Tuesday 11 November 2008

Open Lessons, Pepero Day

For the last month I've been teaching a 'special' lesson alongside my usual textbooks for two of my classes, at a significantly higher level than what the kids are used to, for the purpose of impressing their watching parents. We practiced every day, to the point that everybody became intensely bored with it and yearned for a return to the normal structure. But the parents don't want to see a standard lesson from the standard text book thereby giving an accurate representation of how their child is performing in school. No. They insist that we place them in battery cages and drill into their mushy heads twice a day the same regurgitated lesson for four long stultifying weeks.

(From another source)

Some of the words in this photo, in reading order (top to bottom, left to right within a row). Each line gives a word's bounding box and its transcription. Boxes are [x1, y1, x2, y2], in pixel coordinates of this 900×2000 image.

Whatever. With my homeroom Cambridge 1 class we did the polar regions. I had them memorise how to spell Antarctica, where penguins live and who the first man to reach the north pole was, that sort of thing. We did the lesson last Thursday and it was a success, I think. No kids have quit yet, and I've been told that in the past, as a result of a substandard open lesson, they have.

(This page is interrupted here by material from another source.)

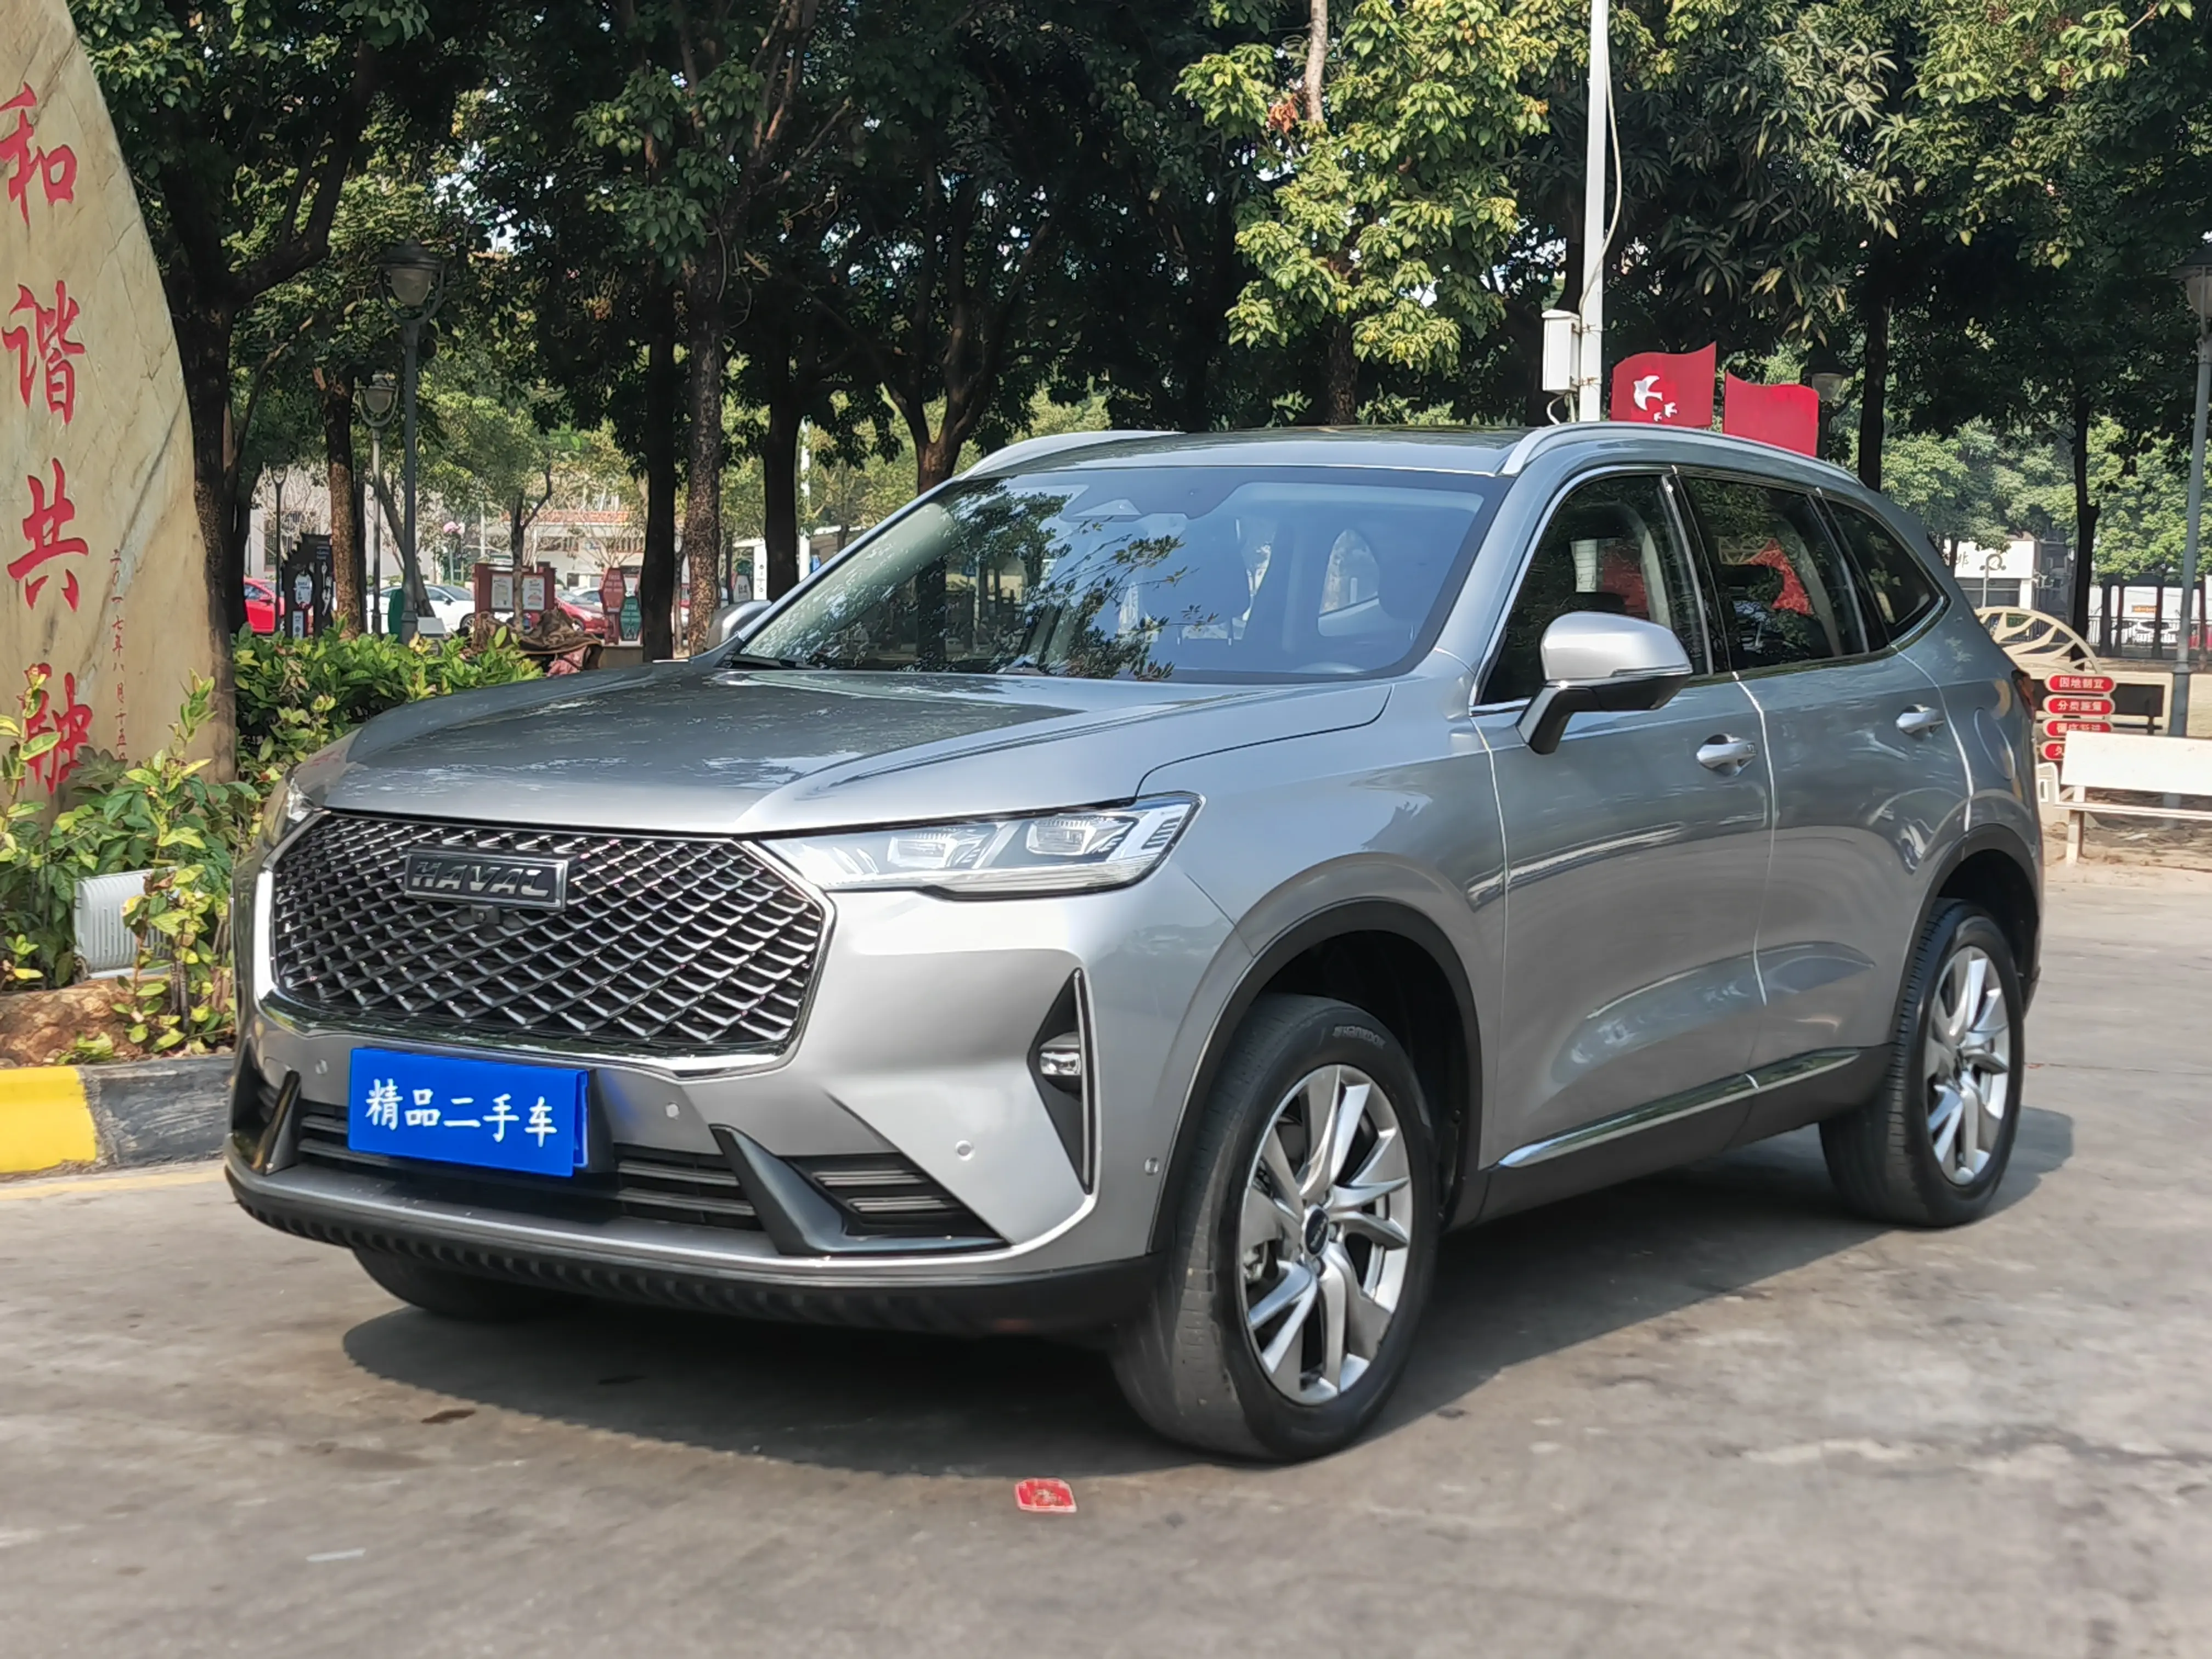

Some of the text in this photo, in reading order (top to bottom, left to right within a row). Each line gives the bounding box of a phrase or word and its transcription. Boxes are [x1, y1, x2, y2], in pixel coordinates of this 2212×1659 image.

Today I taught the prodigies in Harvard class the history of chocolate. They did quite well, considering they had to memorise and incorporate into sentences words like civilisation, conquistador, Xocolatl and Tenochtitlan (they're six). Jenny actually nailed 'Tenochtitlan' but came unstuck on the word 'milk'...

It was also unintentionally prescient of me to choose the history of chocolate as my open lesson, as today in Korea, it is Pepero Day. Although alliteratively connected, Peperos have nothing to do with poppies, and the celebrations are about as far removed from two minute silences as you're going to get. Peperos are biscuit sticks coated in chocolate, made by the Lotte conglomeration, given to "the special person in your life" on this day every year. Lotte thought up this celebratory day a few years ago, plumping for this date as written numerically it's 11/11, which, obviously, resembles four peperos. They're pretty basic to be honest, with little in the way of taste, but the kids can't get enough. And I, being their beloved teacher, have been showered with them. This flash video will explain nothing but click it anyway for further proof that Asia is just insane.

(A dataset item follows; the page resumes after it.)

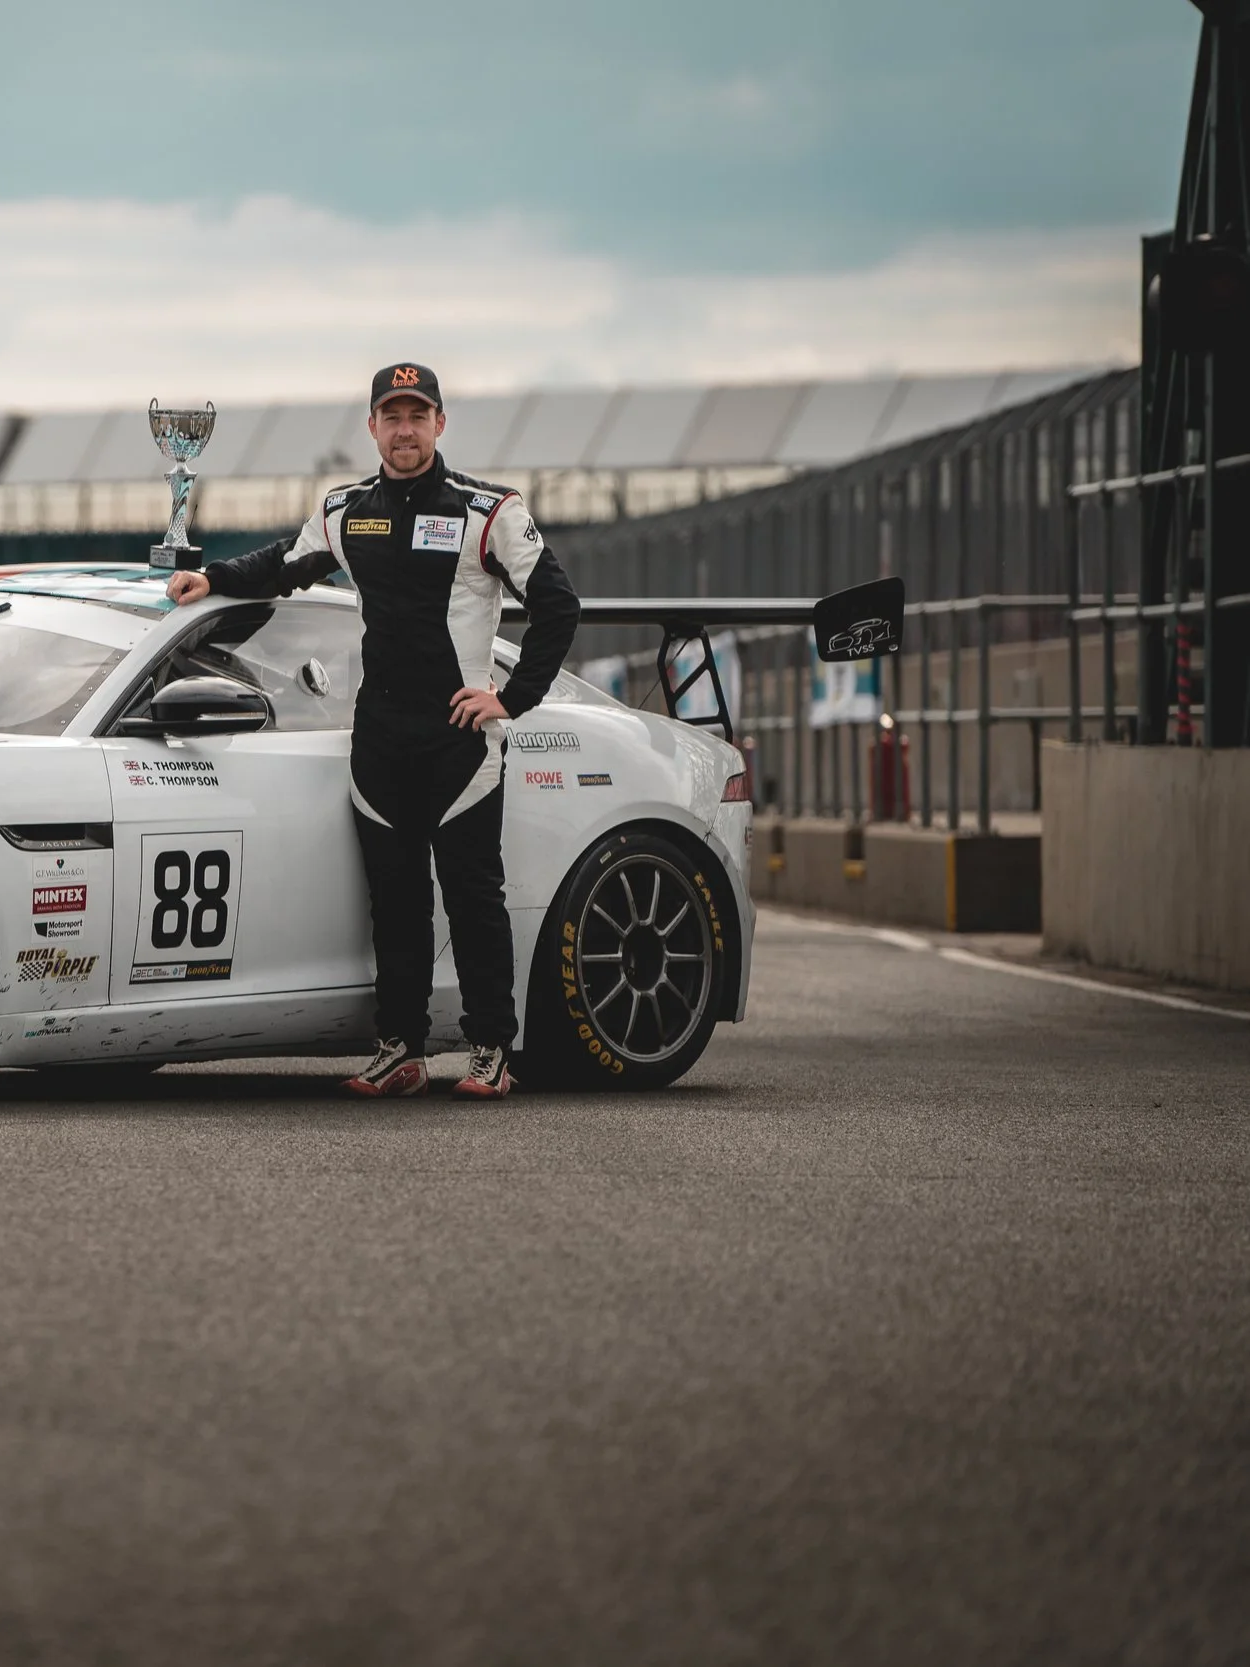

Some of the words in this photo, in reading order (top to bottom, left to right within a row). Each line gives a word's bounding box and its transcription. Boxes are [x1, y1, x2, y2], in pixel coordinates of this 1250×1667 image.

Remember: Dulce et decorum est... Pepero...

2 comments:

CH said...

I had 3 kids leave one of my classes earlier this year due to the crappiest, worst planned open class ever in the history of open English classes in Korea, and to top it off the kids got shy and pretty much didn't say anything the whole half an hour. Maybe it was self-motivated though, since that's one class a day I don't have to teach anymore...

Michael said...

I recently had a couple of kids arrive in my class because of a crappy, badly-planned open day at another school. Your kids weren't called Alex and Jessie, were they?